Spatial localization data
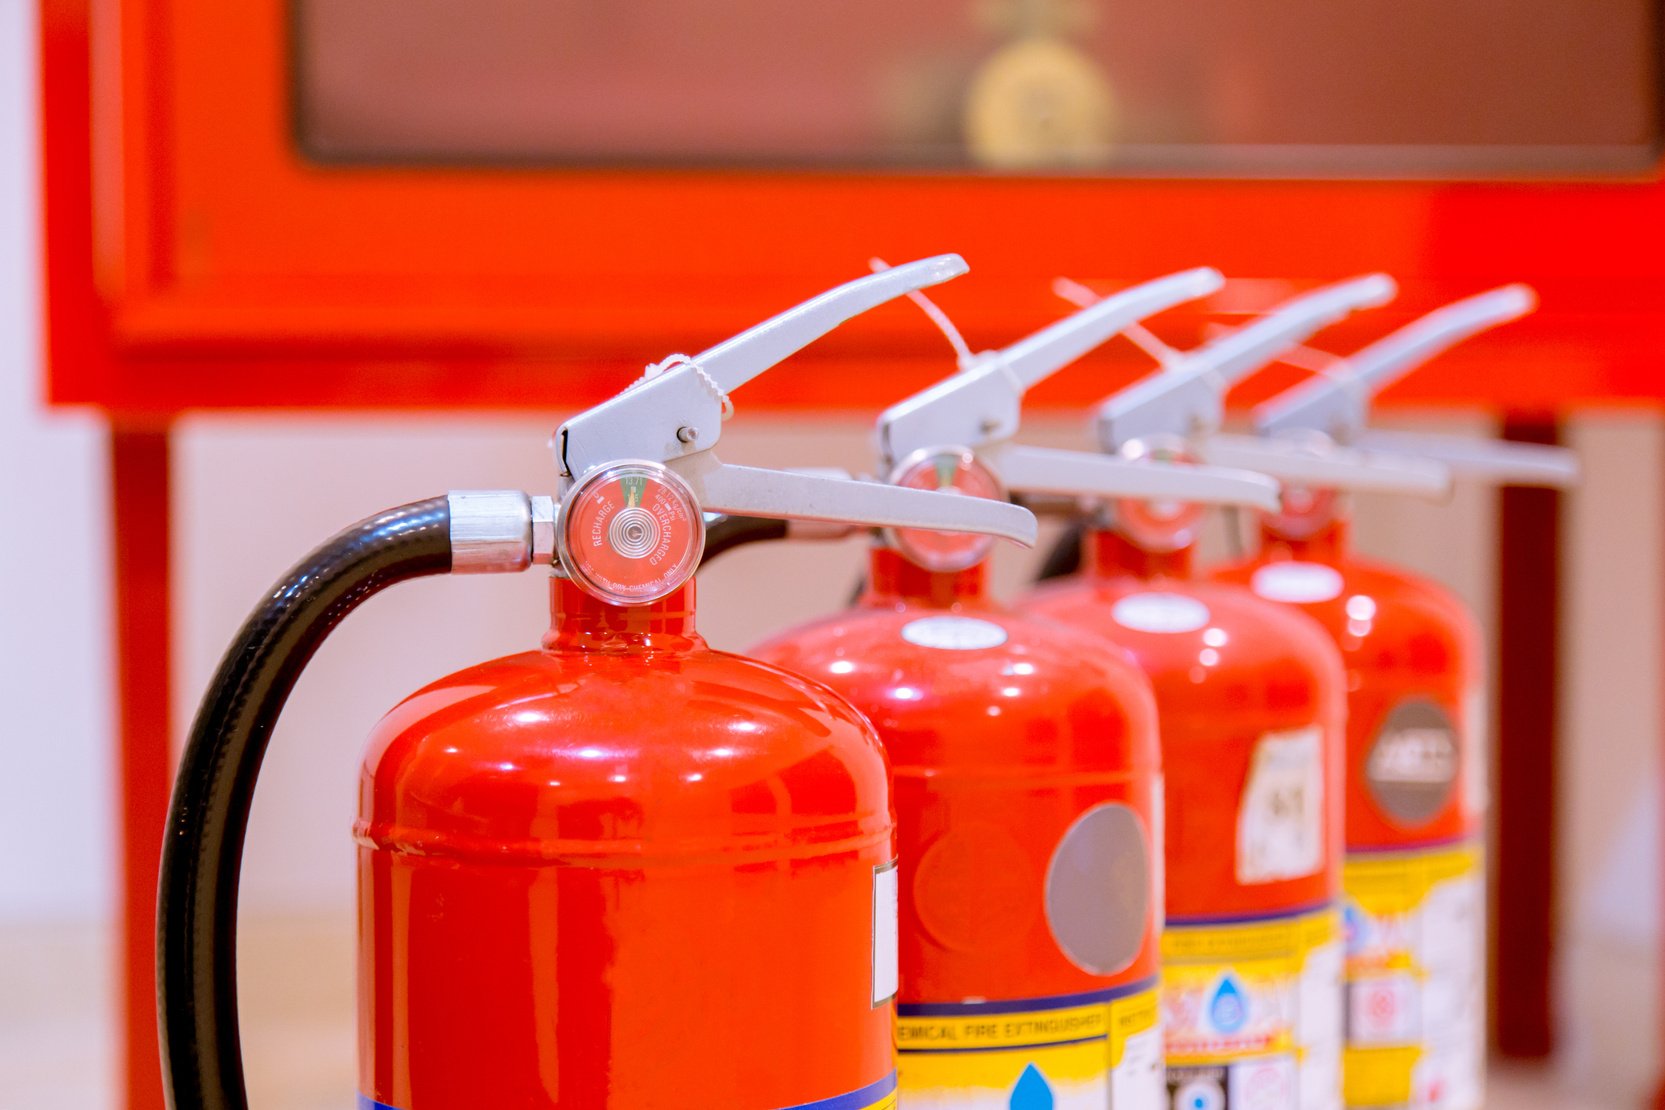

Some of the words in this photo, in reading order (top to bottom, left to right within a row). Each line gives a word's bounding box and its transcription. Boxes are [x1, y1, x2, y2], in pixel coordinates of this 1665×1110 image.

[592, 501, 615, 547] RECHARGE
[649, 503, 672, 566] OVERCHARGED
[897, 1026, 957, 1041] EMICAL
[964, 1023, 998, 1039] FIRE

» About this task
Leave the pictures out. Repeat every entry above exactly.

» Result for this exercise
Some of the words in this photo, in reading order (top to bottom, left to right within a row). Each line gives a word's bounding box and its transcription. Boxes are [x1, y1, x2, y2], in pixel coordinates of this 1665×1110 image.

[592, 501, 615, 547] RECHARGE
[649, 503, 672, 566] OVERCHARGED
[897, 1026, 957, 1041] EMICAL
[964, 1023, 998, 1039] FIRE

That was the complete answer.